For one, it represents a move back to the licence-and-discretion raj, as the government will now be in a position to allow or block access to firms that want to begin distributing power in various areas.
 
Not allowing a second distributor in areas like Delhi, for instance, will mean allowing a higher profit for the existing player, while allowing another entrant will clearly lower monopoly benefits.
 
The move, it appears, has been prompted by Reliance Energy's application for distribution licences in high-value areas currently serviced by the MSEB and BEST in Maharashtra.
 
Second, and more important, the distribution end of the power business is monopolistic at present "" either the SEBs or just one private player is involved "" and one should provide for new players.
 
The real solution, as this newspaper has argued before, is to allow full competition through what's called 'open access', or allow consumers to be able to choose if they want, to get electricity from firms like CESC or Tata Power to flow into their houses on their Reliance/SEB power lines.
 
Since SEBs overcharge industrial consumers around Rs 8,000 crore a year (and use this to subsidise household and rural power), allowing just open access will clearly trip up the sector. The solution is to levy a surcharge on the open access to smoothen the transition.
 
So, if Company X wants to enter the distribution business, it will have to pay a surcharge to the existing player (either the SEB or the private one) to allow it to discharge its social obligation of providing below-cost electricity to various sections.
 
The closest parallel to this, of course, is the Universal Service Obligation (USO) of the telecom industry, where all players contribute a percent of their revenues to the fund, and this is used to fund provision of telecom to far-flung areas.
 
Another variant could be to create something like the Access Deficit Charge used in telecom, to fund losses incurred from operating uneconomic services.
 
In each case, the cess would have to be reviewed periodically, to ensure that it doesn't become some kind of monopoly rent for the incumbent players.
 
Essentially, allowing more competition is among the things that the government needs to do if it wants to fix the power sector.
 
Tinkering around with the rules, like coming up with guidelines on cherry-picking, or allowing a second player but not a third, and so on, will only make things worse.

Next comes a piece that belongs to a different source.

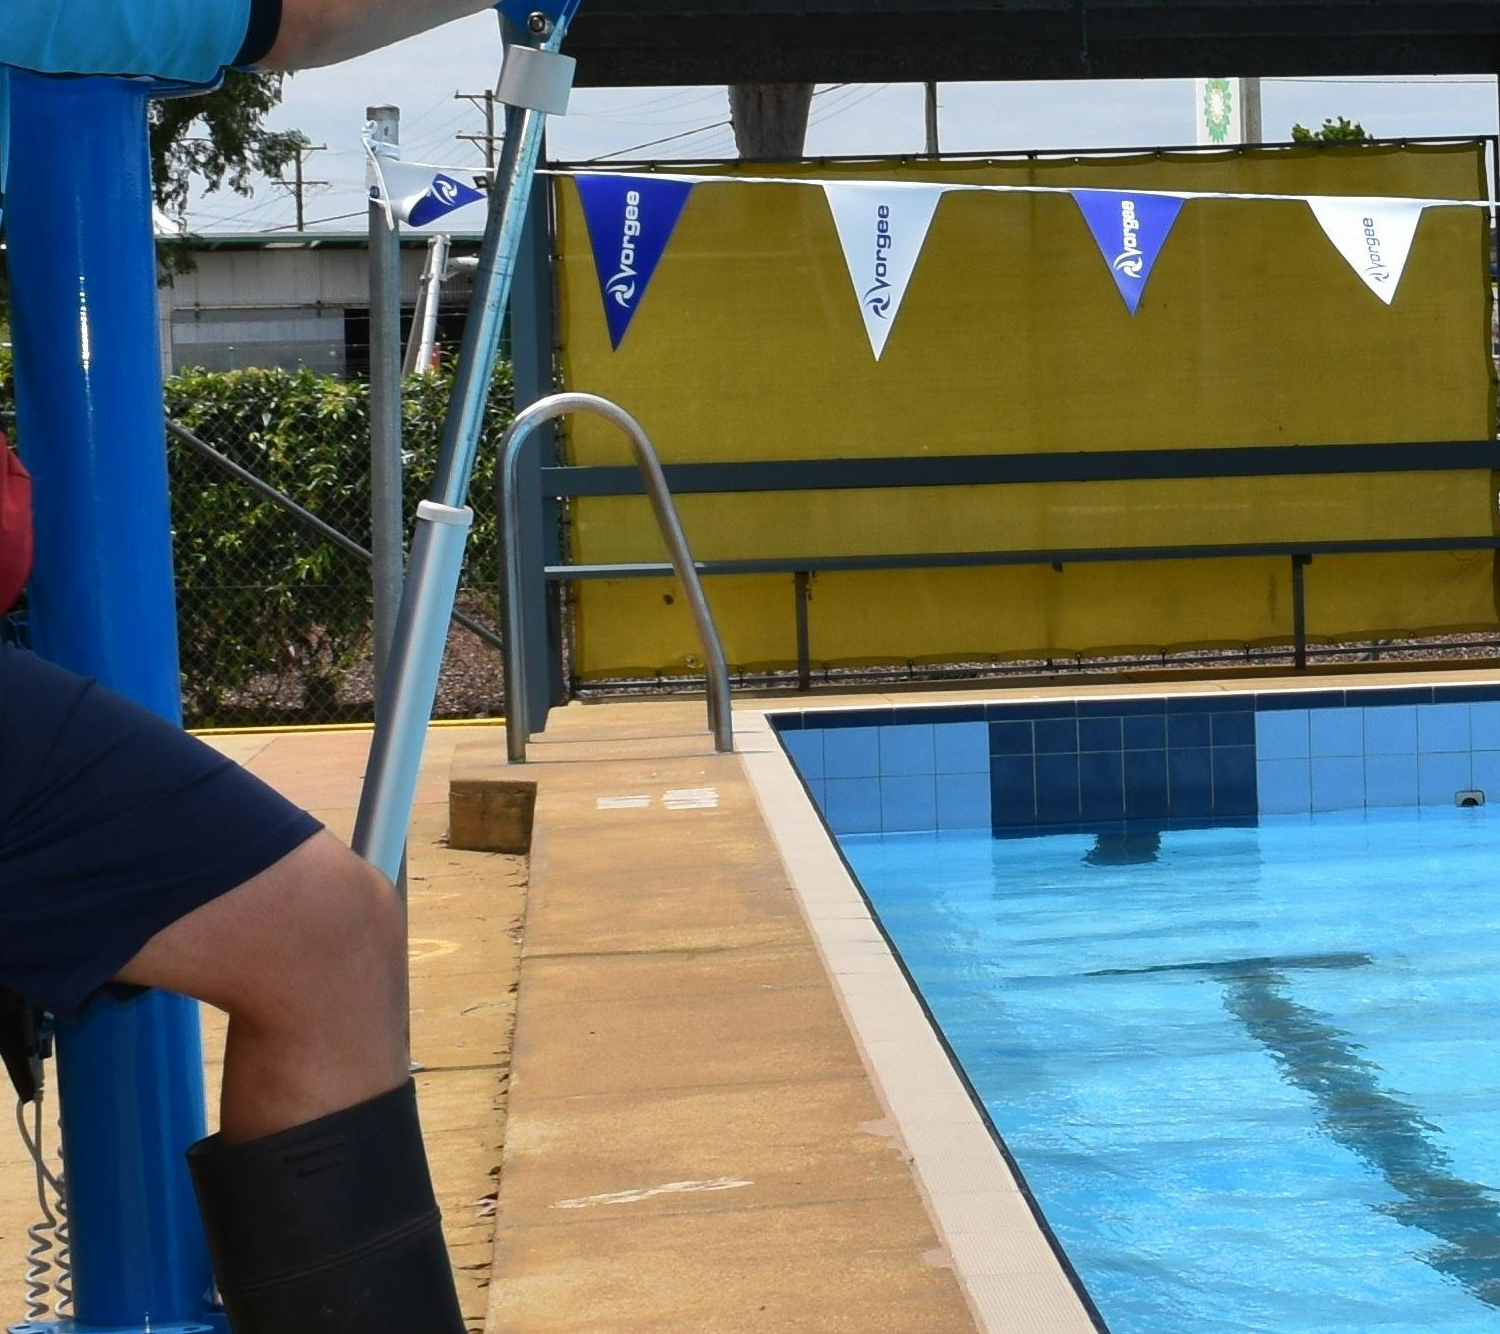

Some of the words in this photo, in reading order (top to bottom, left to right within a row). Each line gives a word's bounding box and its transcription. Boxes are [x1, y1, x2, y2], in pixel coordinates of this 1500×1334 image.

[605, 190, 641, 289] vorgee
[860, 204, 893, 307] vorgee
[1113, 200, 1143, 265] vorgee
[1362, 217, 1387, 273] vorgee

The best example of just how wrong things can go under private monopolies, of course, is Delhi.
 
While the government promised huge efficiency gains through the private monopolists, it earmarked Rs 3,450 crore subsidy to take care of the interim period till the gains kicked in.
 
Today, however, three-fourths of the subsidy is already spent, and going by the projections made by the private firms, a 20 per cent tariff hike may well be on the cards in April unless the Delhi government gives some more subsidies.